P&C Industry Posts Strong First-Half Underwriting Profitability

What Happened

On September 11, 2025, both AM Best and the American Property Casualty Insurance Association (APCIA) released reports showing the U.S. P&C industry recorded exceptional underwriting performance for the first half of 2025. According to APCIA's report with Verisk, the industry posted a net underwriting gain of $11.5 billion, nearly tripling the $3.8 billion recorded during the same period in 2024. AM Best's parallel analysis showed the industry recorded an estimated $11.2 billion in net underwriting income for the first half of 2025, a significant improvement from the $2.9 billion posted in the same prior-year period. Earned premiums grew 3.9% to $453 billion, and surplus levels climbed slightly to $1.08 trillion, approaching historic highs.

Why It Matters

This represents the strongest underwriting performance for the P&C industry in recent years, despite facing record-breaking wildfires in California and severe convective storms across multiple states during the first quarter. The dramatic improvement in profitability indicates that rate increases implemented over the past several years are finally generating adequate returns, even in the face of significant catastrophic losses. For P&C executives, this demonstrates that disciplined underwriting and pricing strategies are working, potentially signaling a shift toward more sustainable profitability cycles. The strong surplus levels also provide strategic flexibility for expansion, acquisitions, or competitive positioning as market conditions evolve.

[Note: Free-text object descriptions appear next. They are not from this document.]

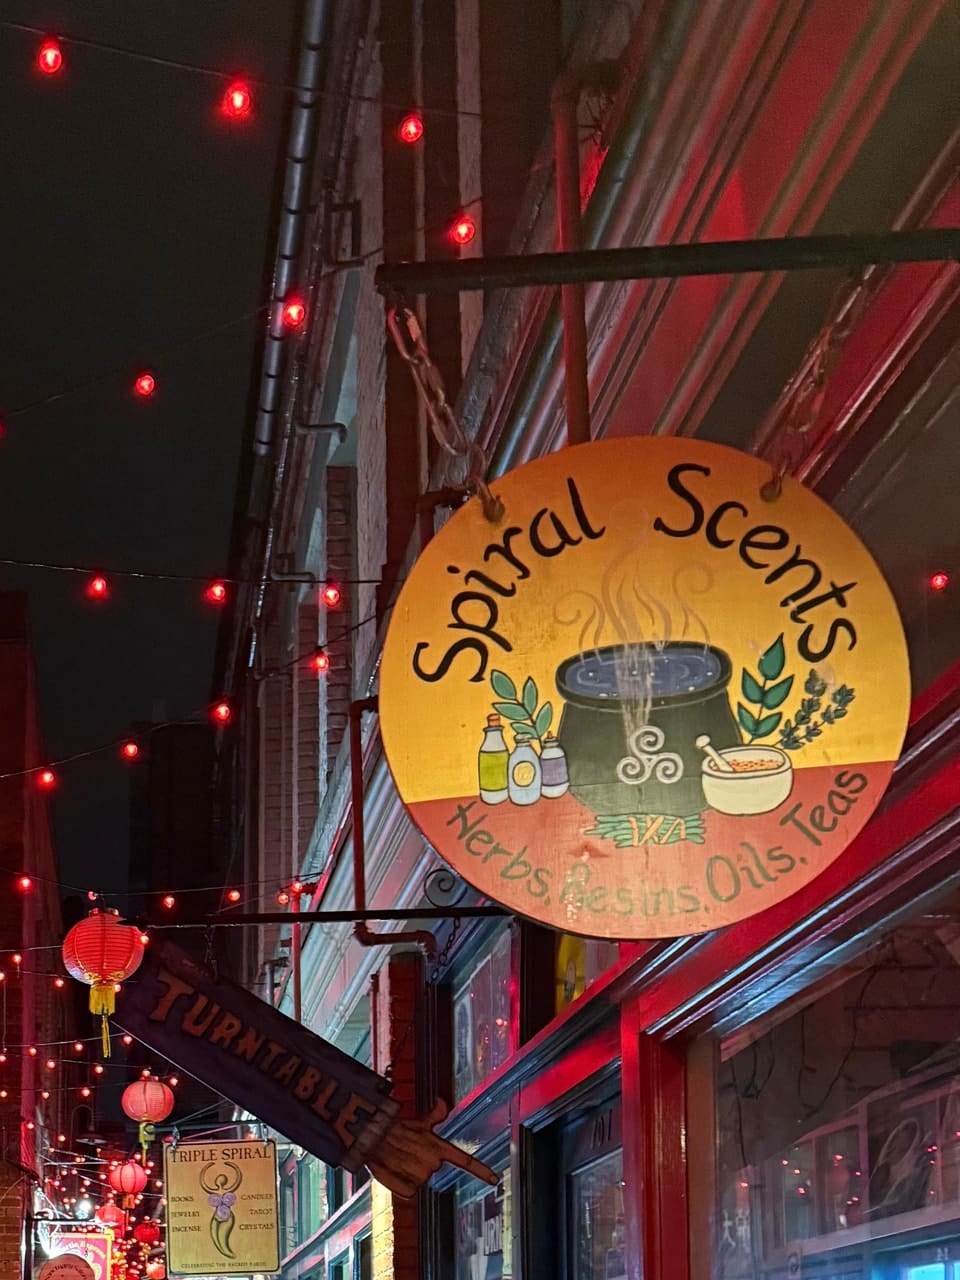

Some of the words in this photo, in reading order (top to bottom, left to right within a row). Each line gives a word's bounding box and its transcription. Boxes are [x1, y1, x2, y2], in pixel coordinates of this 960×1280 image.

[412, 477, 606, 683] Spiral
[652, 463, 858, 662] Scents
[780, 769, 868, 847] Teas
[149, 968, 377, 1148] TURNTABLE
[170, 1149, 218, 1162] TRIPLE
[222, 1148, 271, 1160] SPIRAL

Implications for P&C Executives

  • Profitability increases investor pressure. Scrutiny will center on reserve adequacy and severity trends in Q4 earnings.

  • Surplus expands capital options. Carriers can deploy into underwriting technology, MGA partnerships, or profitable growth lines before the rate cycle shifts.

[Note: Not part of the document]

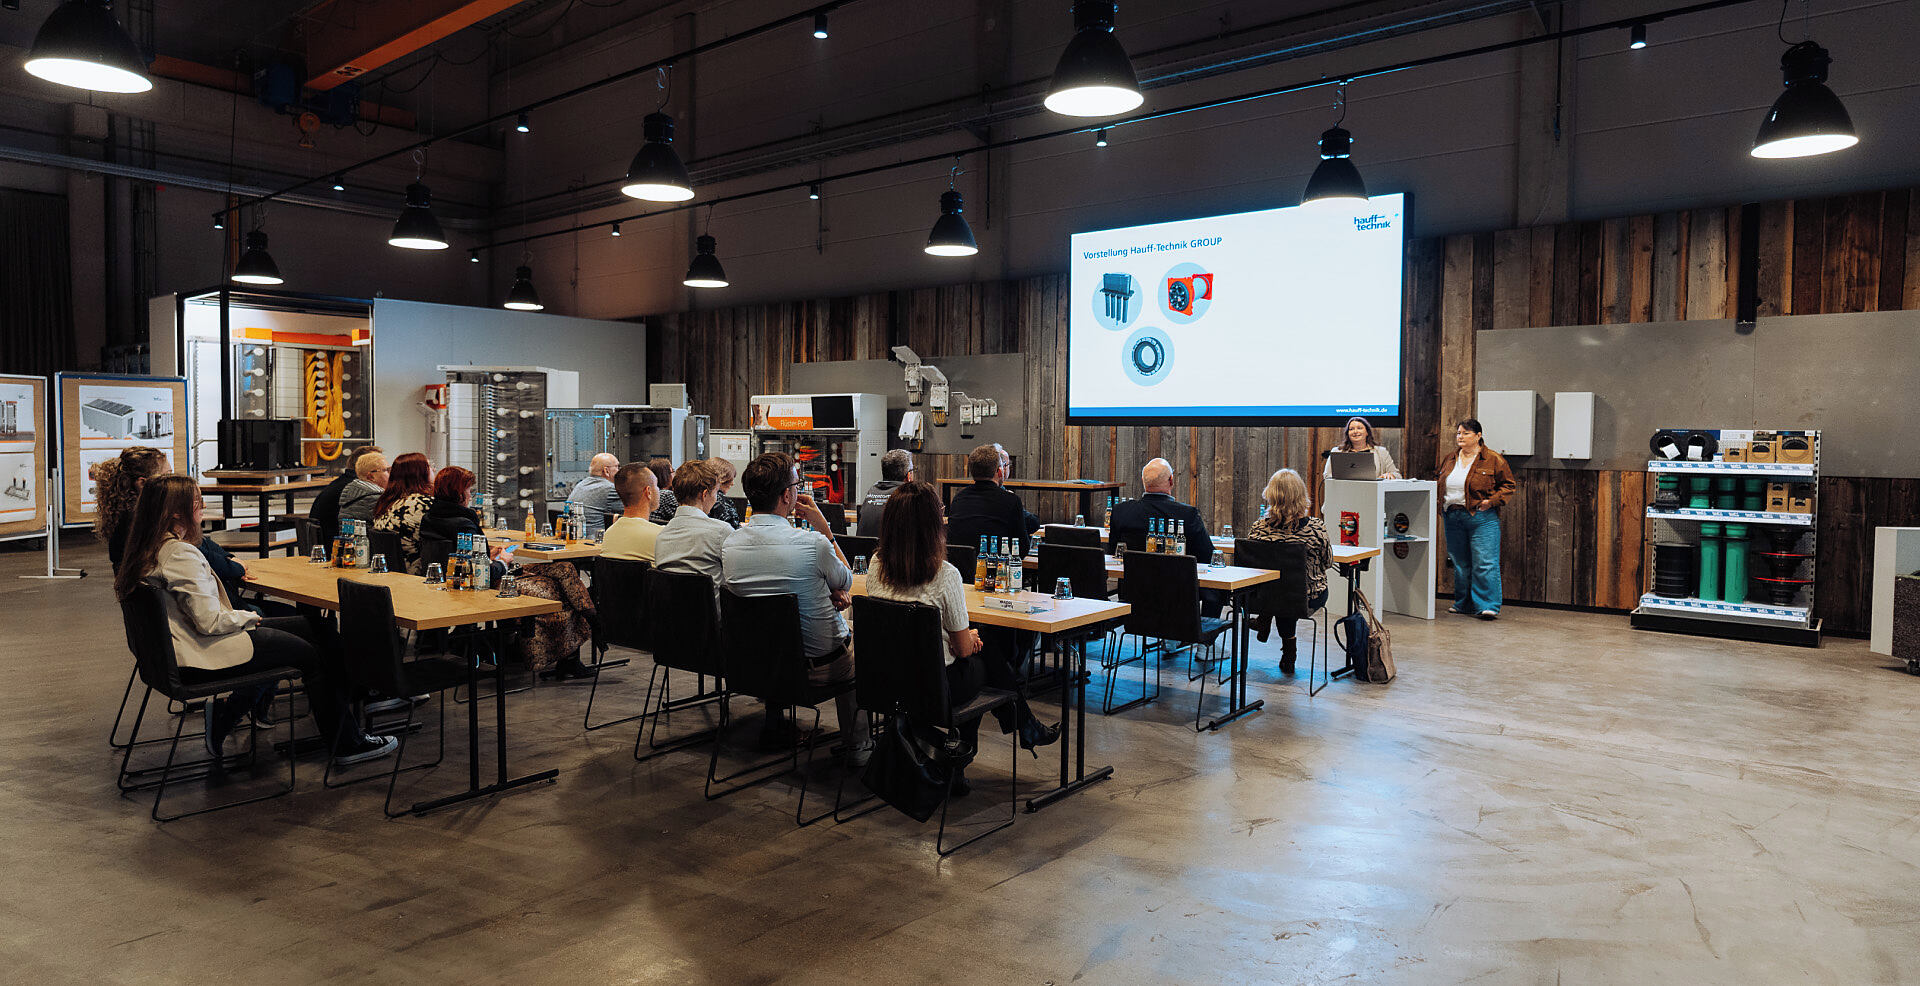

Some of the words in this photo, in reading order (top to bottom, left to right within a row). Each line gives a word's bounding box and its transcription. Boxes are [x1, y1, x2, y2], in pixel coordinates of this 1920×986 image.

  • Broker leverage declines. Carriers with capacity can enforce pricing discipline and renegotiate weaker distribution relationships.

  • Market stability is a false signal. Underlying loss volatility remains unresolved despite short-term gains

Other Overall Signals on our Radar:

  • Tech Partnership Pushes Core ModernizationSynechron partnered with Duck Creek on September 11, 2025, to modernize core systems with AI-enabled SaaS, underscoring the shift from legacy platforms to cloud-native automation.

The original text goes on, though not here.